O marxismo chinês é extremamente prolifico. Esse é só mais um exemplo dos milhares de artigos marxistas produzidos na academia chinesa. Aqueles que me conhecem, sabem como enfatizo essa hegemonia do marxismo na sociedade chinesa (Recomendo que leiam esse texto: Na China, todos são marxistas) . Traduzi este artigo por ser breve e por servir tanto como uma introdução ao socialismo chinês como o marxismo em geral. Apesar de não ser tão completo como poderíamos exigir, ele trás em si alguns elementos básicos do marxismo, sobre desenvolvimento histórico, capitalismo e socialismo, a filosofia da práxis (a ideia de compreender a realidade cientificamente para poder operar transformações na mesma, compreender as leis sociais para transformar a sociedade, compreender a economia para dirigi-la), a visão de mundo do marxismo e como este se comporta como método (não é um receituário dogmático ou um “modelo a ser seguido”; antídoto para quem vê o marxismo como mais uma forma de socialismo utópico, faz afirmações disparatadas como “a China traiu o marxismo” e “a China não pratica o marxismo”, que não confundem só a realidade chinesa mas a própria definição de marxismo). 
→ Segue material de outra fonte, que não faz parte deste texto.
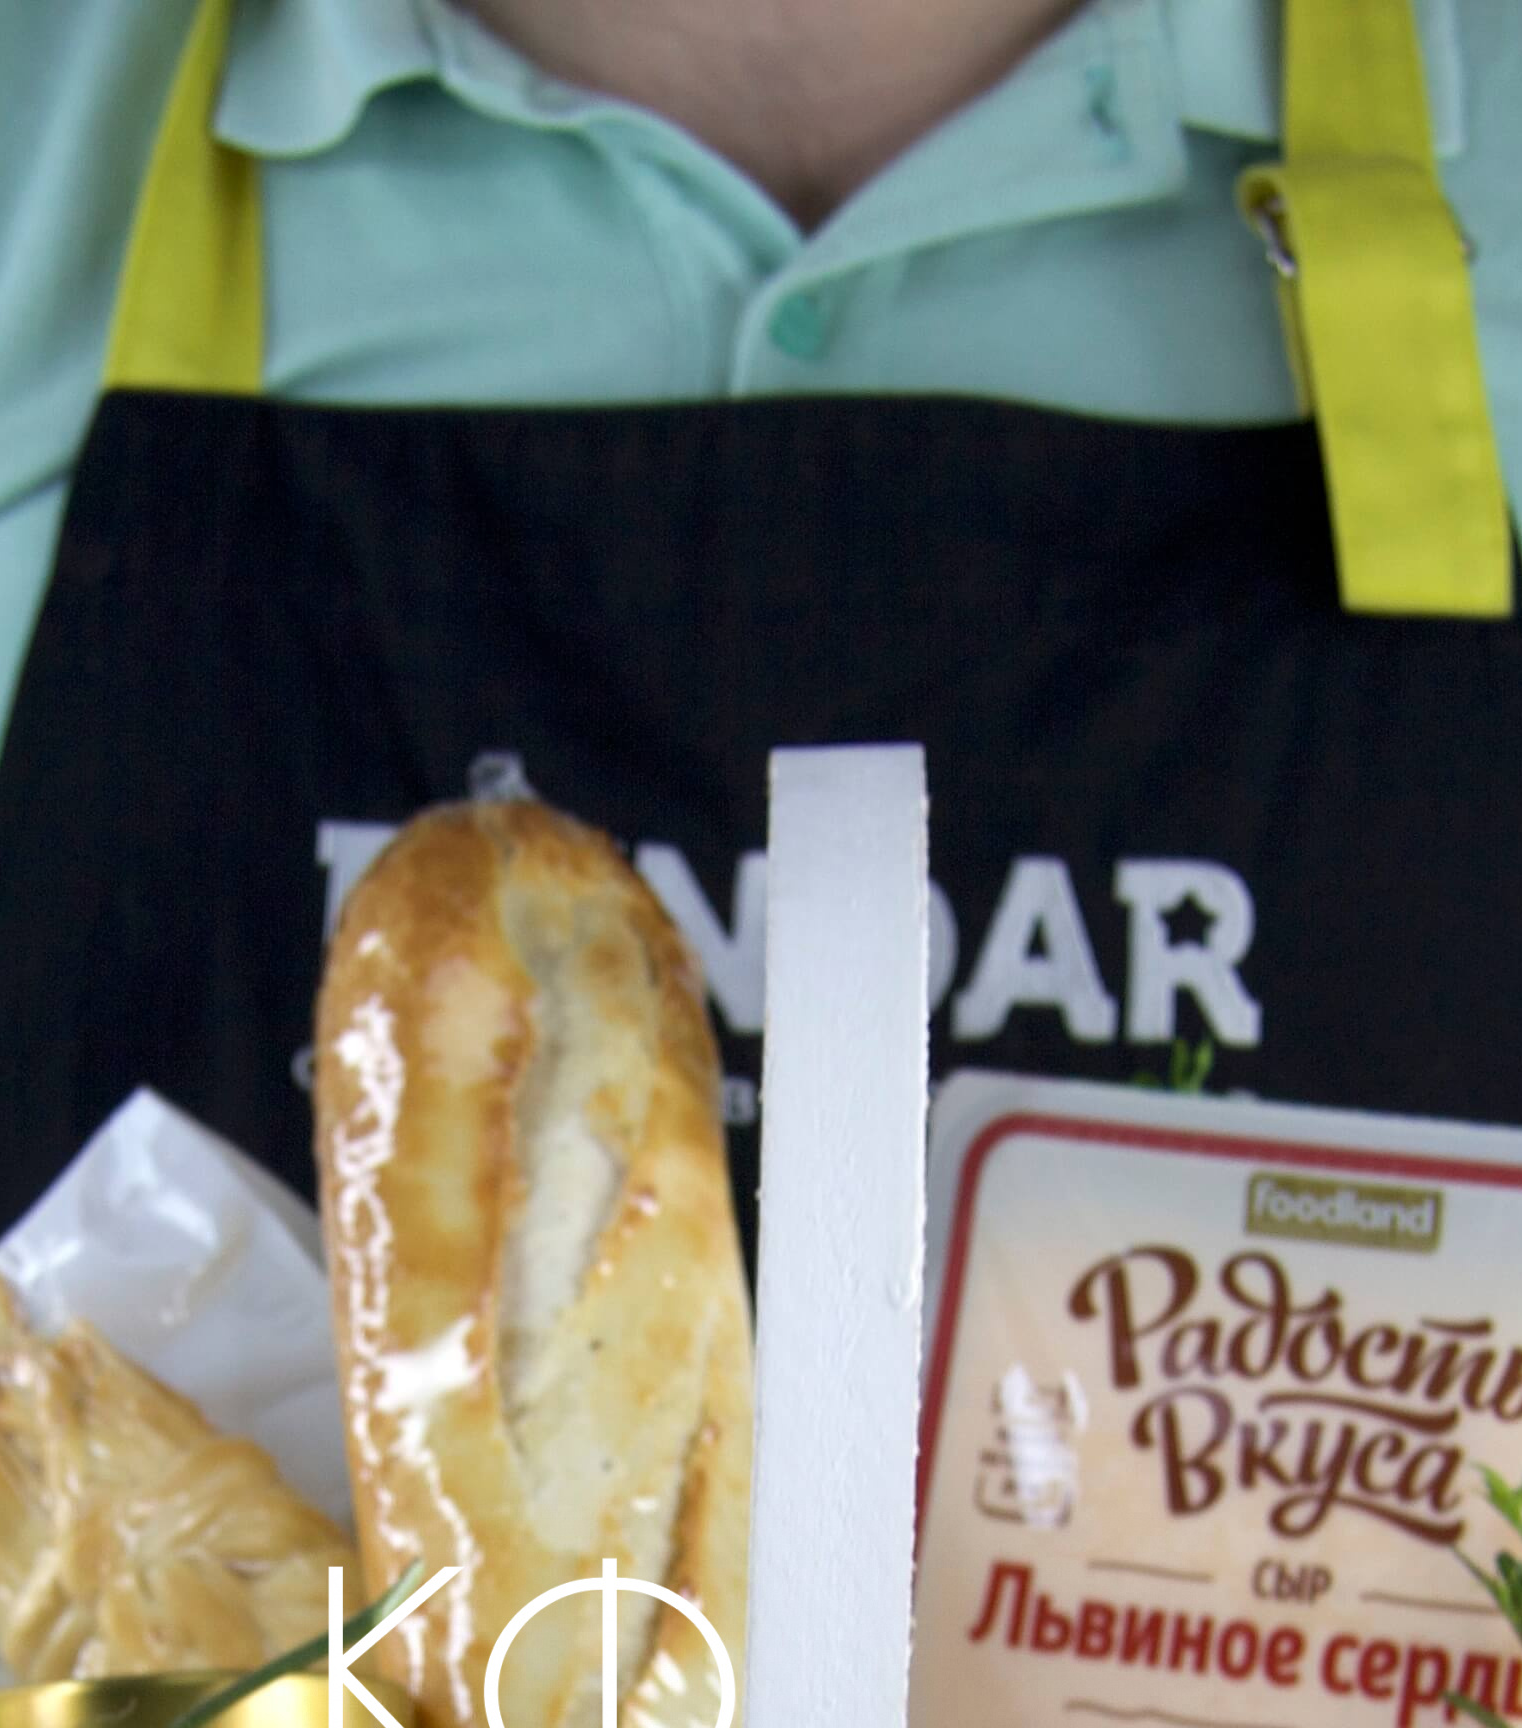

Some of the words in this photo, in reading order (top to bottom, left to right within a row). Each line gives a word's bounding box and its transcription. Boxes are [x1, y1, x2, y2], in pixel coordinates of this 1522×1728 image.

[1254, 1177, 1435, 1234] foodland
[1130, 1386, 1465, 1547] Вкуса
[970, 1562, 1304, 1686] Львиное
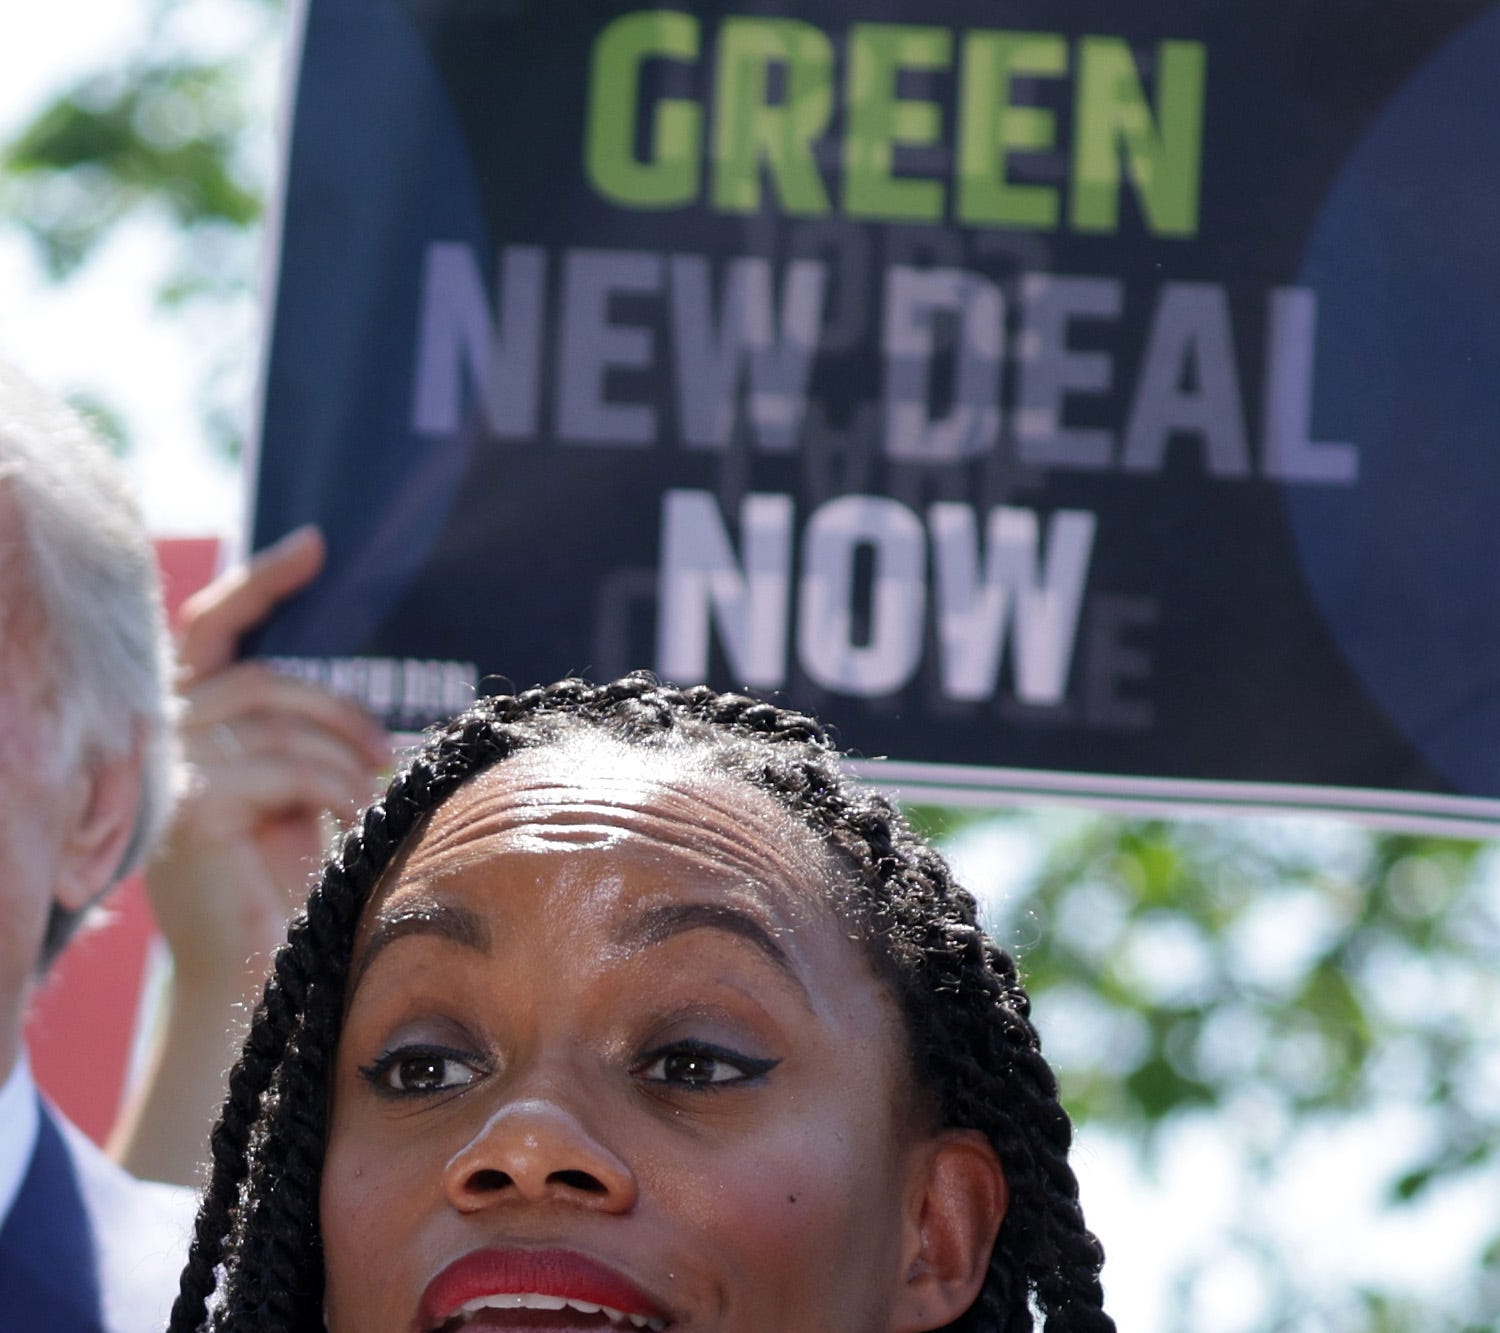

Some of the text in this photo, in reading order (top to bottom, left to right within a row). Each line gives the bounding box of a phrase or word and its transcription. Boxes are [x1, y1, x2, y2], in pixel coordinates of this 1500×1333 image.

[585, 12, 1206, 236] GREEN
[412, 242, 1360, 483] NEW DEAL
[656, 489, 1096, 704] NOW
Do ponto de vista do socialismo chinês, o texto ressalta diversas características que costumo enfatizar:

– A linha chinesa é guiada pelo marxismo, o seu método é o marxismo, eles tem um arcabouço teórico, uma visão marxista.  Quer dizer, o processo e a direção do mesmo são dominados por uma visão marxista da história da sociedade. Alguns podem pensar que o Partido se guia só por meia dúzia de slogans ideológicos sem profundidade, o que não é verdade. Independente de outras linhas comunistas criticarem a China – como os soviéticos fizeram com os chineses no passado, posteriormente os albaneses – a visão deles é a princípio marxista, é com base numa ideologia marxista que conduzem e justificam suas políticas.  A posição deles é puramente marxista, ortodoxa, mais ortodoxa do que a dos norte-coreanos, por exemplo, que são tidos como mais “conservadores” em relação a manutenção do modelo socialista. Os chineses partem das proposições marxistas sobre o capitalismo e sua superação (a planificação, a propriedade pública e a prosperidade comum). [Uso o negrito pois acho isso um critério importante em caso de dúvidas, servindo para avaliar diversos socialismos e movimentos, inclusive os social-democratas de origem marxista]
– A globalização é tida como uma circunstância determinante na construção do socialismo (assim como o cerco imperialista foi outrora). A estratégia incluí a integração com o mercado mundial (tanto com a presença de empresas estrangeira na China como a internacionalização das empresas chinesas, o envolvimento no mundo financeiro)  e o nivelamento do poder de consumo dos chineses em relação a níveis “desenvolvidos” (um poder de compra global).
– A ideia de inevitabilidade do socialismo e avaliação de contradições inerentes ao capitalismo (isso cabe na parte dos “elementos básicos” do marxismo).
– A ideia, também puramente marxista, da necessidade do desenvolvimento das forças produtivas. É uma via de duas mãos – as forças produtivas precisam ser desenvolvidas para o socialismo e o socialismo deve desenvolver as forças produtivas (afinal é essa sua função histórica enquanto sistema que surge para substituir o capitalismo, superando suas contradições).
– A ideia de “superioridade do setor socialista”, que prevê a predominância do setor estatal na economia.
– Construir o socialismo tendo em conta as condições particulares da experiência chinesa e as práticas bem-sucedidas de outros países. Obviamente, isso não é uma novidade puramente chinesa e já remonta a Lenin quando estava no poder (que enfatizava a necessidade de se aprender com os países capitalistas, observar a economia de guerra alemã, o taylorismo, etc).
– A avaliação de leis gerais da economia e da sociedade que devem ser aplicadas e respeitadas nas formulação das políticas (que no caso se aplicariam tanto ao capitalismo quanto ao socialismo; que se apresentam na realidade chinesa, independente de seu caráter). Isso justifica, por exemplo, com a aplicação de certos mecanismos de mercado (a mesma lógica foi usada na URSS na década de ’30, a partir do fim do Primeiro Plano Quinquenal, apesar do desconhecimento geral). Apesar dessa posição também ser ortodoxamente marxista, é interessante notar que ela tem um precedente destacado em Stálin, mais especificamente em sua obra “Problemas Econômicos do Socialismo na URSS”, que se contrapõe ao voluntarismo e fala da independência das leis da economia política em relação a vontade humana, leis que refletem a regularidade dos processos, sobre a produção mercantil sob o socialismo e atuação da lei do valor no socialismo.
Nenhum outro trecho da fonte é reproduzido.